**DATASET**:

____

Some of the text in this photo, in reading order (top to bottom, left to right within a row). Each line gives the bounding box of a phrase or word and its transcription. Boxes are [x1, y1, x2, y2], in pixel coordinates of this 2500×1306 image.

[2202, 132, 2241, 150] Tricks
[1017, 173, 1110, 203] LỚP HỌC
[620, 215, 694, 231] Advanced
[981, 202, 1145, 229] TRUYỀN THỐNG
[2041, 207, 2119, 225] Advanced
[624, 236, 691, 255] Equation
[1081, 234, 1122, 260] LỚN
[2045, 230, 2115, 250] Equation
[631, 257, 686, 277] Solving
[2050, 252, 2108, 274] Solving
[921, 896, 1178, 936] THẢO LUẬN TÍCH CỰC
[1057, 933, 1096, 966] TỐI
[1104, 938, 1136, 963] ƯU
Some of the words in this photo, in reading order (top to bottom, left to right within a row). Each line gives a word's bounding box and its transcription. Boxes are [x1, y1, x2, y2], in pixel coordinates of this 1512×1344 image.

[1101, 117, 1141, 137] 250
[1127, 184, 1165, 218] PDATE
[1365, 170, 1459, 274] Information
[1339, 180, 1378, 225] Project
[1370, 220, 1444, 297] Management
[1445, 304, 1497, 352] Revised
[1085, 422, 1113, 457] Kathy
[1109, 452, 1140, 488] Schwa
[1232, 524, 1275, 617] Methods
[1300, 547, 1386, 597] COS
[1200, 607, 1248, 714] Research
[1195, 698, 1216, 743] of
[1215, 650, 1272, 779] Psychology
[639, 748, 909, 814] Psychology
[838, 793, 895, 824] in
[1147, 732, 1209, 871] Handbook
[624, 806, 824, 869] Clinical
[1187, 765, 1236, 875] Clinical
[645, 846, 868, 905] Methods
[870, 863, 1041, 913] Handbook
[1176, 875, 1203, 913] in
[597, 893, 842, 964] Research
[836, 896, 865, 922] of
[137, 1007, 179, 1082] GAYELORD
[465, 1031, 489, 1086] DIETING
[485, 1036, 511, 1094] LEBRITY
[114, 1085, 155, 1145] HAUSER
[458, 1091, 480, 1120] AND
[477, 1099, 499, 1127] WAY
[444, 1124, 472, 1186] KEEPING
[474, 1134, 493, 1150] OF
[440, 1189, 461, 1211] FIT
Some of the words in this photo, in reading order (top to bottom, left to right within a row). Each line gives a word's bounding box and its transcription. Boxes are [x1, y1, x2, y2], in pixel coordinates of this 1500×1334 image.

____

**WORK ORDER**:
Retype all of the lines shown above, keeping each one exact.

**EXERCISE OUTPUT**:
Some of the text in this photo, in reading order (top to bottom, left to right within a row). Each line gives the bounding box of a phrase or word and its transcription. Boxes are [x1, y1, x2, y2], in pixel coordinates of this 2500×1306 image.

[2202, 132, 2241, 150] Tricks
[1017, 173, 1110, 203] LỚP HỌC
[620, 215, 694, 231] Advanced
[981, 202, 1145, 229] TRUYỀN THỐNG
[2041, 207, 2119, 225] Advanced
[624, 236, 691, 255] Equation
[1081, 234, 1122, 260] LỚN
[2045, 230, 2115, 250] Equation
[631, 257, 686, 277] Solving
[2050, 252, 2108, 274] Solving
[921, 896, 1178, 936] THẢO LUẬN TÍCH CỰC
[1057, 933, 1096, 966] TỐI
[1104, 938, 1136, 963] ƯU
Some of the words in this photo, in reading order (top to bottom, left to right within a row). Each line gives a word's bounding box and its transcription. Boxes are [x1, y1, x2, y2], in pixel coordinates of this 1512×1344 image.

[1101, 117, 1141, 137] 250
[1127, 184, 1165, 218] PDATE
[1365, 170, 1459, 274] Information
[1339, 180, 1378, 225] Project
[1370, 220, 1444, 297] Management
[1445, 304, 1497, 352] Revised
[1085, 422, 1113, 457] Kathy
[1109, 452, 1140, 488] Schwa
[1232, 524, 1275, 617] Methods
[1300, 547, 1386, 597] COS
[1200, 607, 1248, 714] Research
[1195, 698, 1216, 743] of
[1215, 650, 1272, 779] Psychology
[639, 748, 909, 814] Psychology
[838, 793, 895, 824] in
[1147, 732, 1209, 871] Handbook
[624, 806, 824, 869] Clinical
[1187, 765, 1236, 875] Clinical
[645, 846, 868, 905] Methods
[870, 863, 1041, 913] Handbook
[1176, 875, 1203, 913] in
[597, 893, 842, 964] Research
[836, 896, 865, 922] of
[137, 1007, 179, 1082] GAYELORD
[465, 1031, 489, 1086] DIETING
[485, 1036, 511, 1094] LEBRITY
[114, 1085, 155, 1145] HAUSER
[458, 1091, 480, 1120] AND
[477, 1099, 499, 1127] WAY
[444, 1124, 472, 1186] KEEPING
[474, 1134, 493, 1150] OF
[440, 1189, 461, 1211] FIT
Some of the words in this photo, in reading order (top to bottom, left to right within a row). Each line gives a word's bounding box and its transcription. Boxes are [x1, y1, x2, y2], in pixel coordinates of this 1500×1334 image.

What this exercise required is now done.